Ainda nadam na piscina e os fatos de banho não são laranja e amarelos, mas, dentro de um mês, os 20 jovens que aqui treinam estarão aptos para vigiar as praias nacionais. Ao fim de duas semanas de aulas já aprenderam a fazer salvamentos e como atuar se a vítima estiver inconsciente. Além das provas físicas - que são exigentes, mas não impossíveis, garantem os responsáveis - os futuros nadadores-salvadores têm de passar ainda testes teóricos sobre suporte básico de vida e outras regras de atuação.

Estão a decorrer neste momento, por todo o país, os últimos cursos de nadadores-salvadores antes do arranque da época balnear. Há um ano que esta formação foi entregue a escolas privadas, ficando o Instituto dos Socorros a Náufragos (ISN) com a responsabilidade de certificar os formadores e avaliar e certificar os futuros nadadores-salvadores no final dos cursos. É também da sua responsabilidade aprovar o manual usado nos cursos. No prazo de um ano foram certificadas dez escolas privadas.

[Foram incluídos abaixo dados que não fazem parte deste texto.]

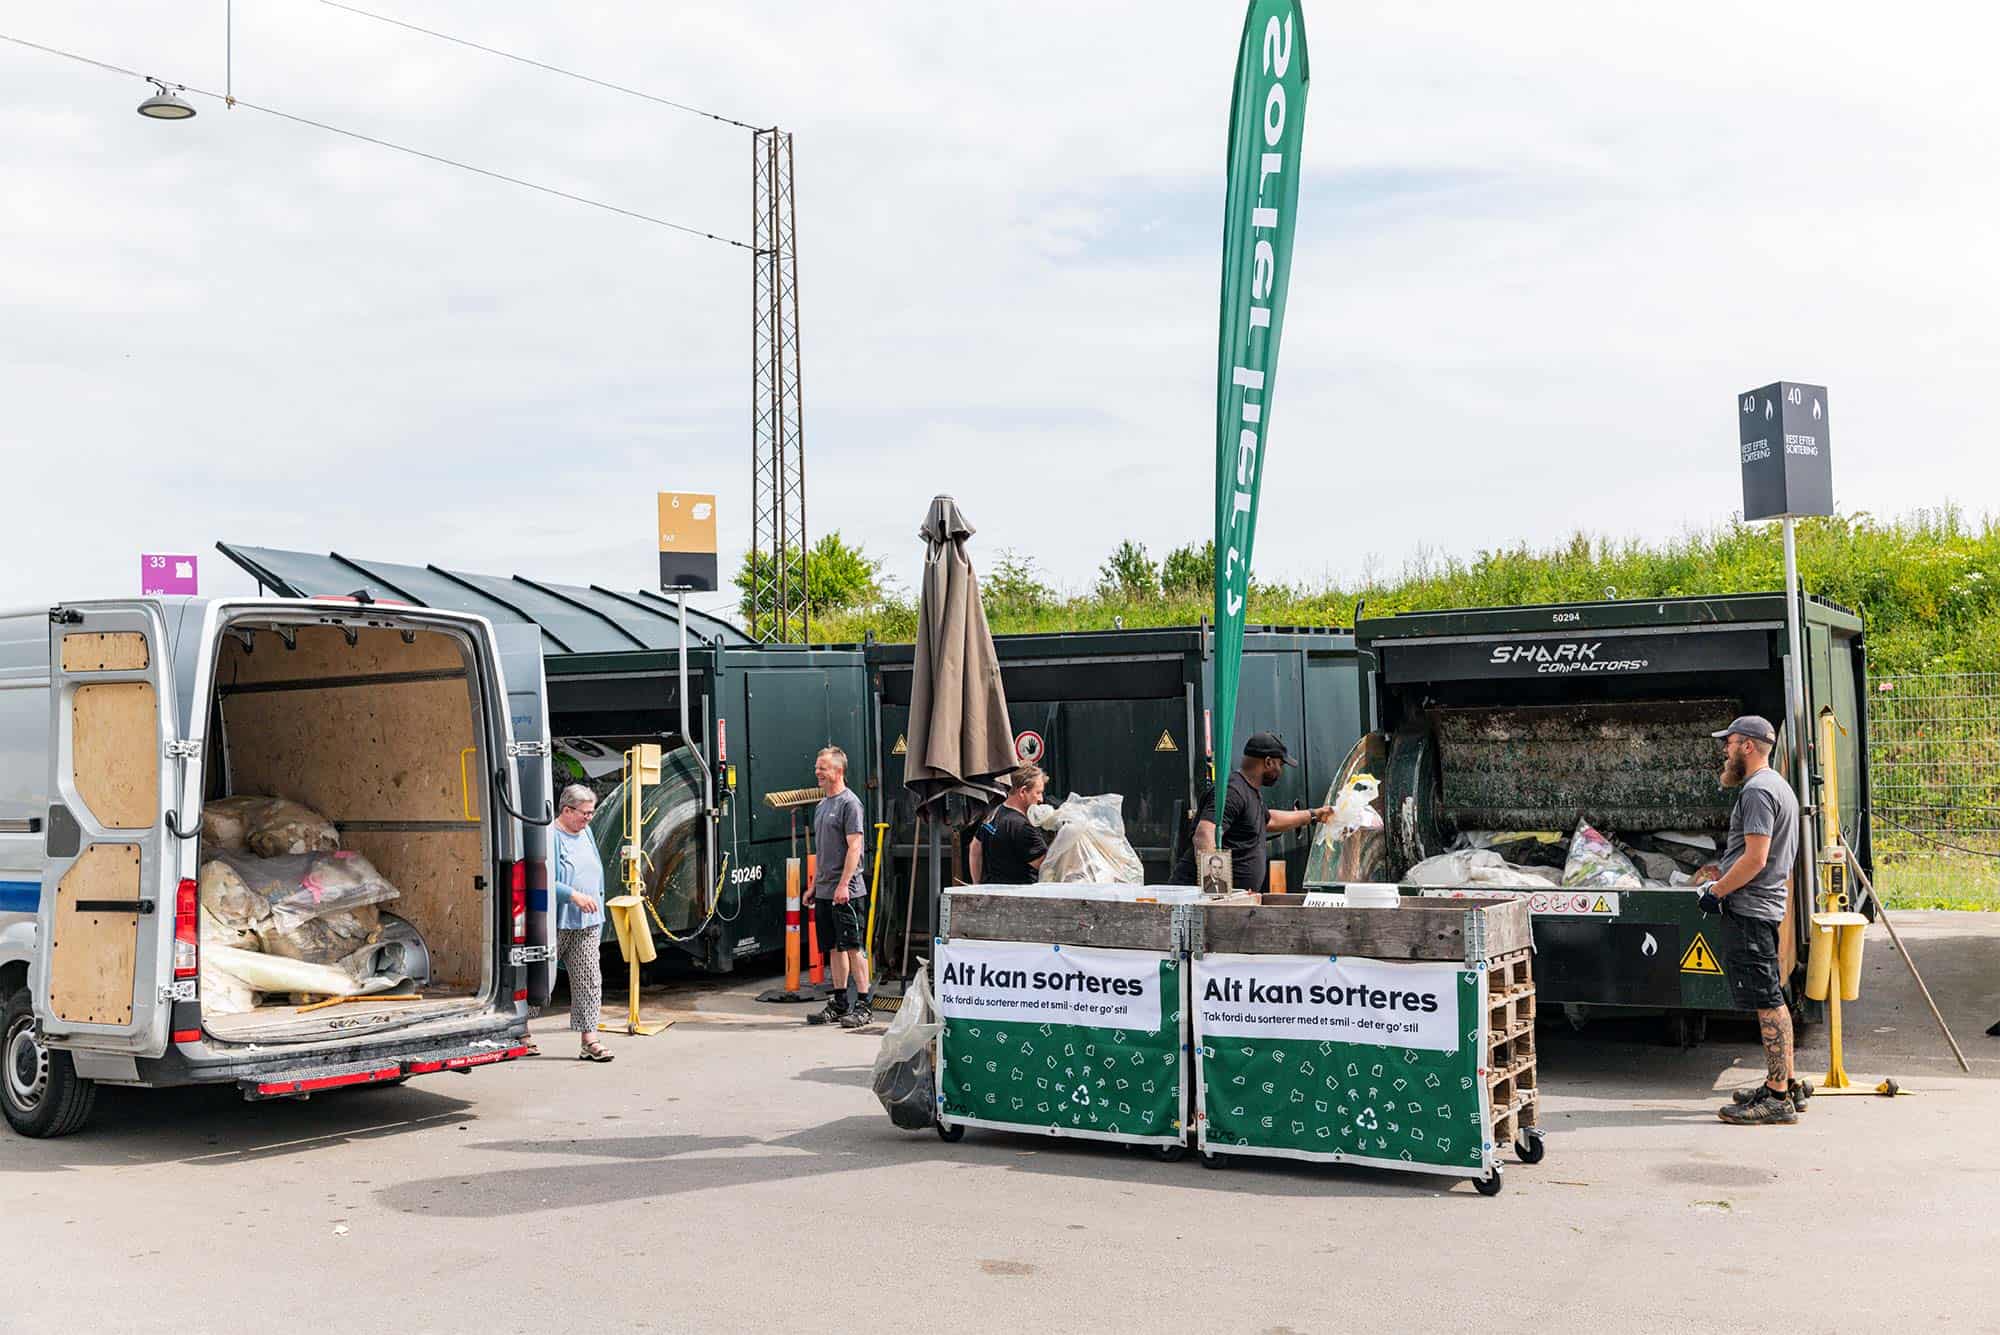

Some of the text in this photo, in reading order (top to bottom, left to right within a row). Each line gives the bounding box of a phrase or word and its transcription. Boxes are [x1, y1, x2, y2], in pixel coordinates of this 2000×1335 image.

[1743, 395, 1755, 413] 40
[1788, 388, 1802, 405] 40
[1785, 445, 1818, 457] SORTERING
[671, 496, 680, 508] 6
[150, 556, 166, 568] 33
[1552, 612, 1580, 623] 50294
[1489, 642, 1603, 664] SHARK
[730, 865, 763, 884] 50246
[942, 962, 1144, 997] Alt kan sorteres
[1203, 977, 1438, 1013] Alt kan sorteres
[955, 995, 974, 1005] fordi
[974, 997, 985, 1006] du
[986, 998, 1019, 1008] sorterer
[1020, 1000, 1040, 1009] med
[1041, 1001, 1050, 1009] et
[1050, 1001, 1068, 1010] smil
[1073, 1002, 1089, 1012] det
[1114, 1005, 1128, 1015] stil
[1203, 1011, 1220, 1022] Tak
[1221, 1012, 1243, 1022] fordi
[1244, 1013, 1257, 1023] du
[1257, 1015, 1297, 1025] sorterer
[1297, 1015, 1319, 1025] med
[1319, 1017, 1328, 1025] et
[1329, 1016, 1350, 1027] smil
[1356, 1018, 1374, 1029] det
[1375, 1020, 1385, 1030] er
[1403, 1022, 1419, 1033] stil

Na piscina do ginásio Mega Craque, em Telheiras, treinam os alunos da escola 4 Emes, uma das primeiras a ter certificação. "No ano passado, fizemos 32 ações, formando cerca de 640 nadadores-salvadores. Este ano está a correr dentro dos mesmos moldes, temos cerca de 20 ações já ministradas em todo o país", aponta António Coelho, coordenador de projetos de formação da 4 Emes.

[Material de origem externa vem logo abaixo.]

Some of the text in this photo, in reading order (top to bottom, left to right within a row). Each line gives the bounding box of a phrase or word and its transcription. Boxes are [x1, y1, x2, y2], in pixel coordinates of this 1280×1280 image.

Entre os 20 formandos que estão a fazer exercícios de aquecimento antes de entrarem na piscina contam-se apenas seis raparigas: "Esta continua a ser uma profissão mais masculina", refere António Coelho. Alguns dos candidatos têm já uma ligação à natação, outros têm "gosto por mar, praia e atividades em meio aquático".

Alguns, como Gonçalo Florindo, até já foram nadadores-salvadores e estão no curso para renovar a certificação - que tem a validade de três anos. "Exerci durante dois anos, depois fui ajudante, e agora vim porque acabou a licença, e como a minha namorada veio fazer o curso, aproveitei." Aos 27 anos e com um emprego fixo na hotelaria, Gonçalo não pensa exercer como nadador-salvador. "Não vou ter tempo, só se for como ajudante quando estiver na praia", conta.

Quem também não sabe se vai trabalhar a tempo inteiro é Francisco Fraga. O jovem "estava mesmo à espera de fazer 18 anos" para se inscrever no curso de nadador-salvador, mas ainda não sabe se vai ter disponibilidade para trabalhar os três meses de verão. Natural da Ericeira, o estudante que terminou o 12.º ano e quer entrar em Medicina tem vários amigos nadadores-salvadores e até a mãe já exerceu esta profissão, "há dez anos".

"Ser nadador-salvador é um objetivo desde sempre. Estar na praia é uma das coisas que me cativa, tal como ajudar as pessoas", descreve Francisco Fraga, numa breve pausa do treino. Recorda ainda quando fez o seu primeiro salvamento: "Era uma família que estava numa praia ao lado da Ericeira aflita na zona de rebentação. Fui ajudar os nadadores-salvadores e ainda tirei uma pessoa ao mar. Senti-me bem."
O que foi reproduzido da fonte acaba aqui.